◆ **What needs to be done**
Every entry below must be retyped exactly, and the pictures must be left out.

── Supplied data

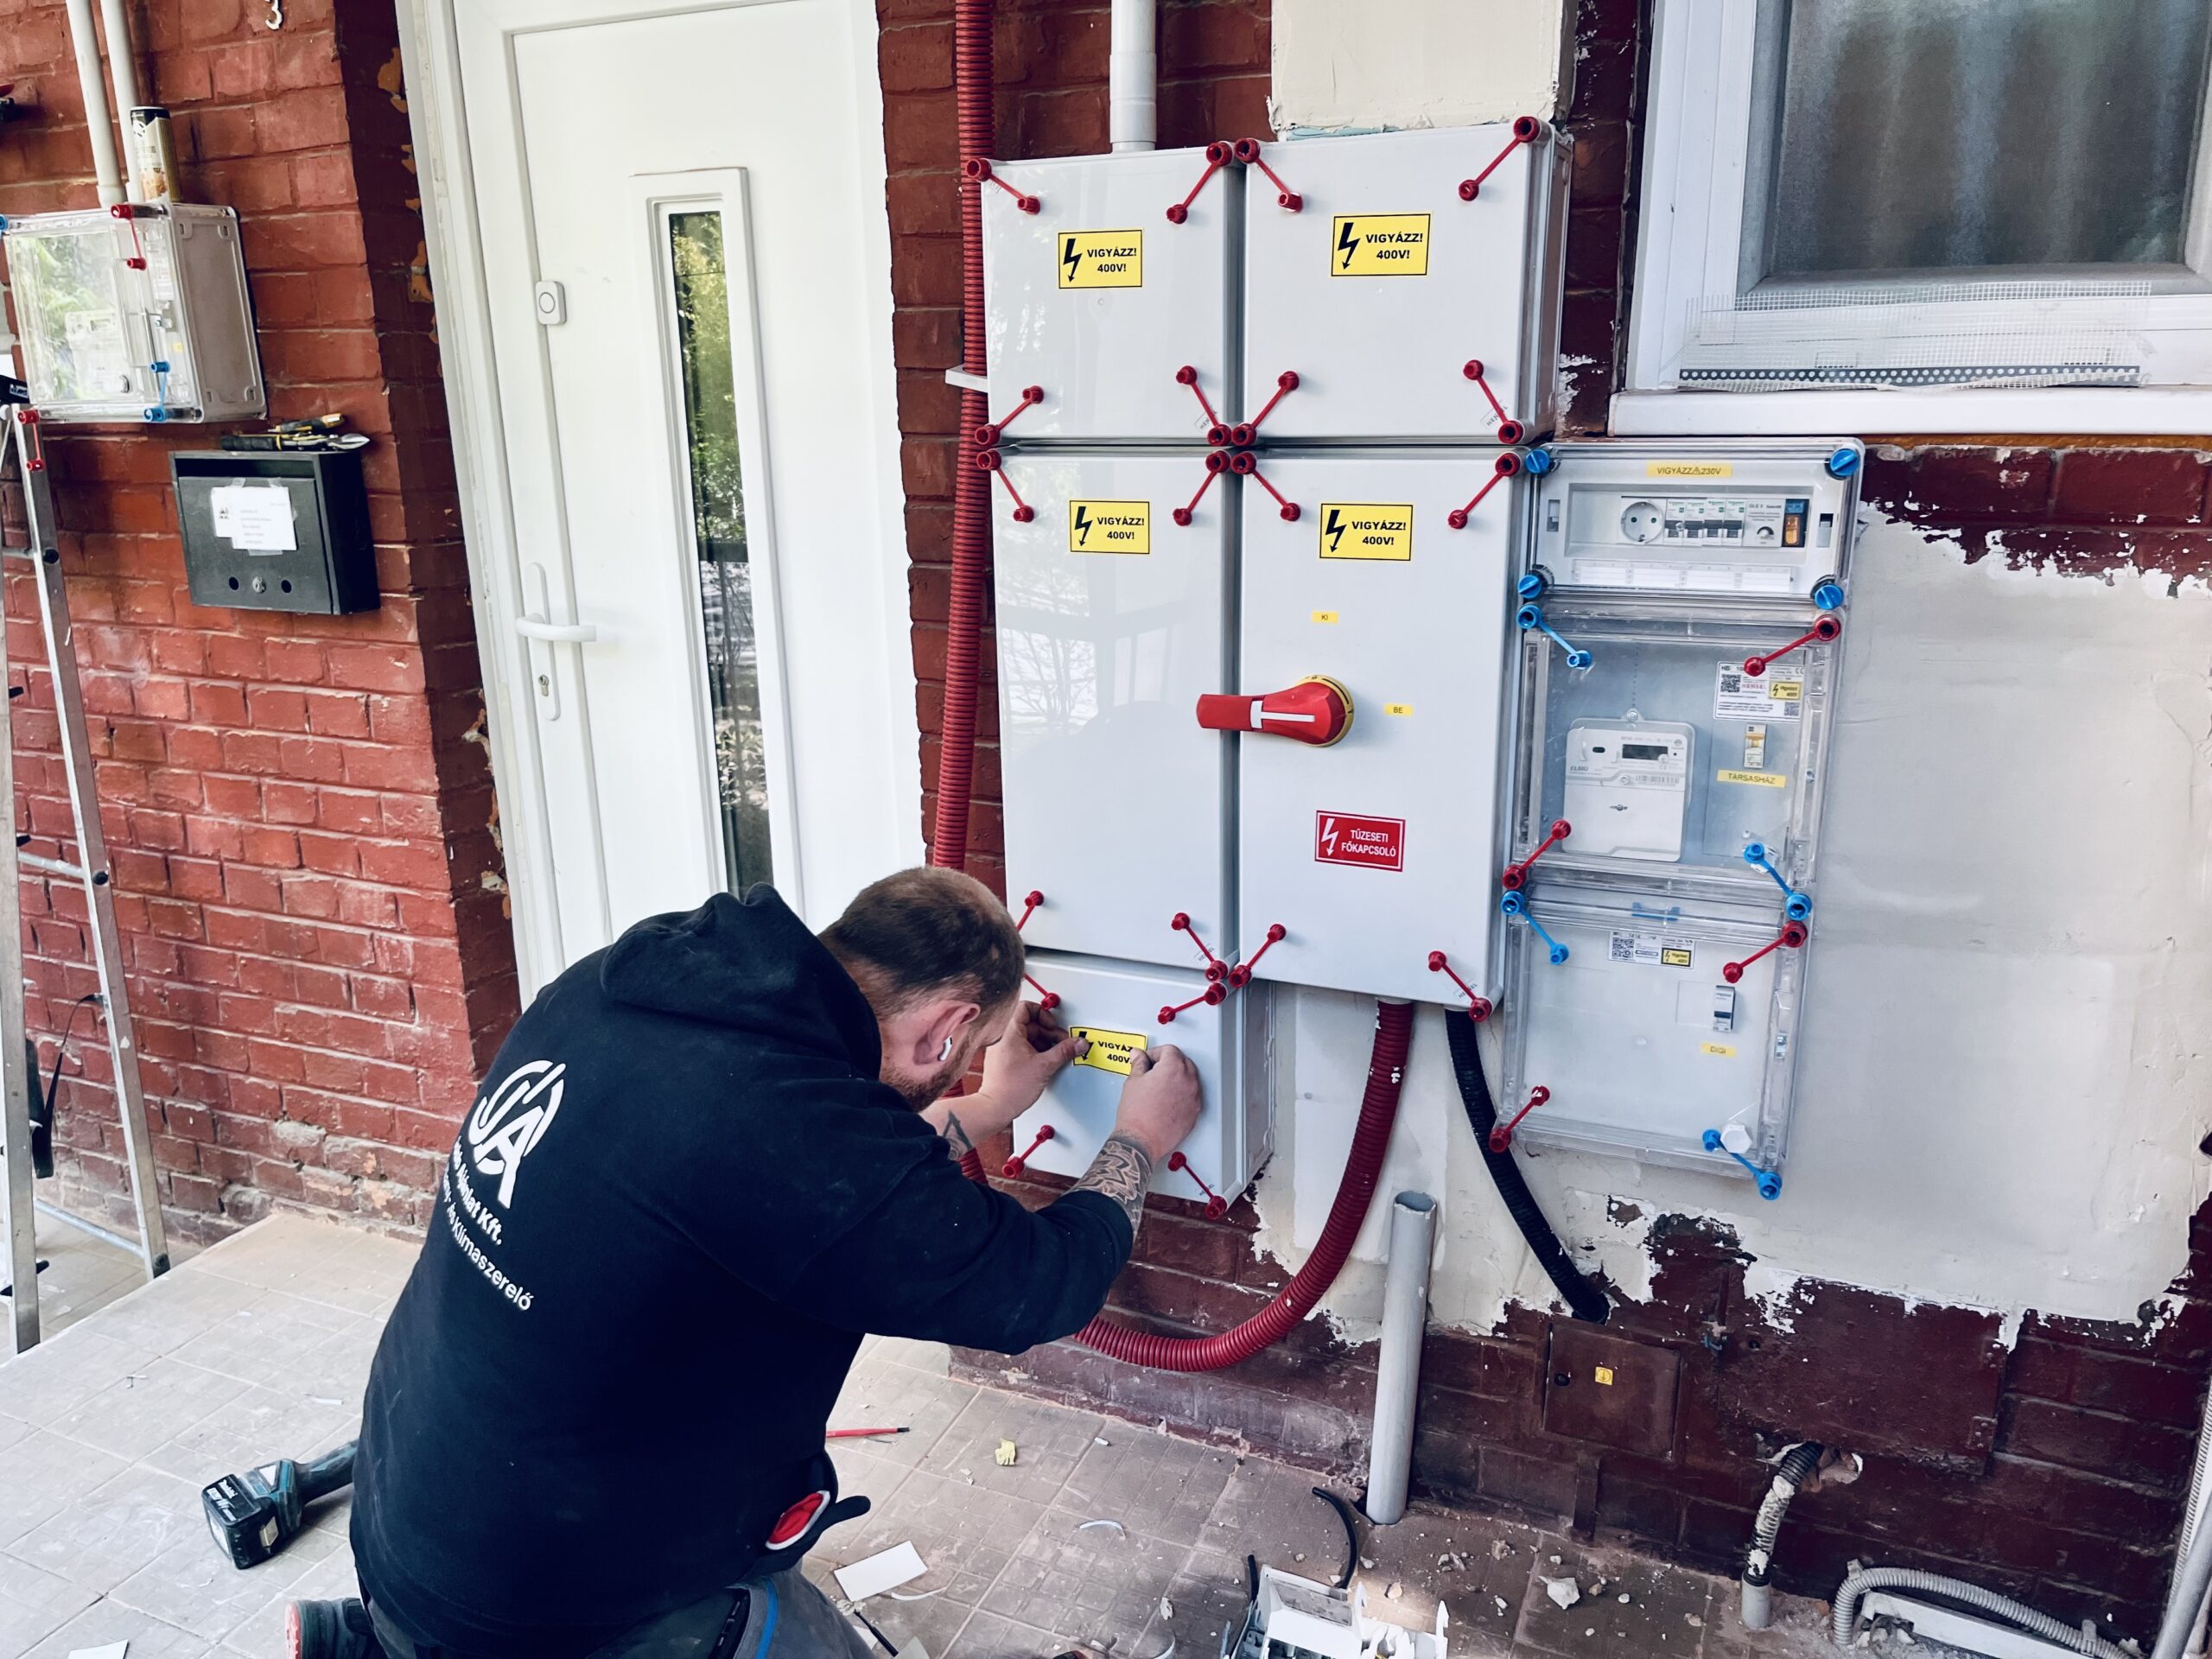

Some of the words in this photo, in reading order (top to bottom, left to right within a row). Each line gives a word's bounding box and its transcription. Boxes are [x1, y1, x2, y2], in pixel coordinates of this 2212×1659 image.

[1365, 231, 1423, 243] VIGYÁZZ!
[1087, 246, 1137, 257] VIGYÁZZ!
[1376, 250, 1410, 259] 400V!
[1096, 264, 1127, 272] 400V!
[1096, 516, 1145, 525] VIGYÁZZ!
[1351, 519, 1407, 531] VIGYÁZZ!
[1362, 536, 1395, 545] 400V!
[1728, 772, 1777, 785] TÁRSASHÁZ
[1350, 829, 1389, 842] TŰZESETI
[1341, 841, 1396, 857] FŐKAPCSOLÓ
[1097, 1040, 1134, 1052] VIGYÁZ
[1107, 1053, 1132, 1065] 400V
[477, 1207, 502, 1244] Kft.
[452, 1216, 535, 1311] Klímaszerelő

────

◆ **Solution for this task**
Some of the words in this photo, in reading order (top to bottom, left to right within a row). Each line gives a word's bounding box and its transcription. Boxes are [x1, y1, x2, y2], in pixel coordinates of this 2212×1659 image.

[1365, 231, 1423, 243] VIGYÁZZ!
[1087, 246, 1137, 257] VIGYÁZZ!
[1376, 250, 1410, 259] 400V!
[1096, 264, 1127, 272] 400V!
[1096, 516, 1145, 525] VIGYÁZZ!
[1351, 519, 1407, 531] VIGYÁZZ!
[1362, 536, 1395, 545] 400V!
[1728, 772, 1777, 785] TÁRSASHÁZ
[1350, 829, 1389, 842] TŰZESETI
[1341, 841, 1396, 857] FŐKAPCSOLÓ
[1097, 1040, 1134, 1052] VIGYÁZ
[1107, 1053, 1132, 1065] 400V
[477, 1207, 502, 1244] Kft.
[452, 1216, 535, 1311] Klímaszerelő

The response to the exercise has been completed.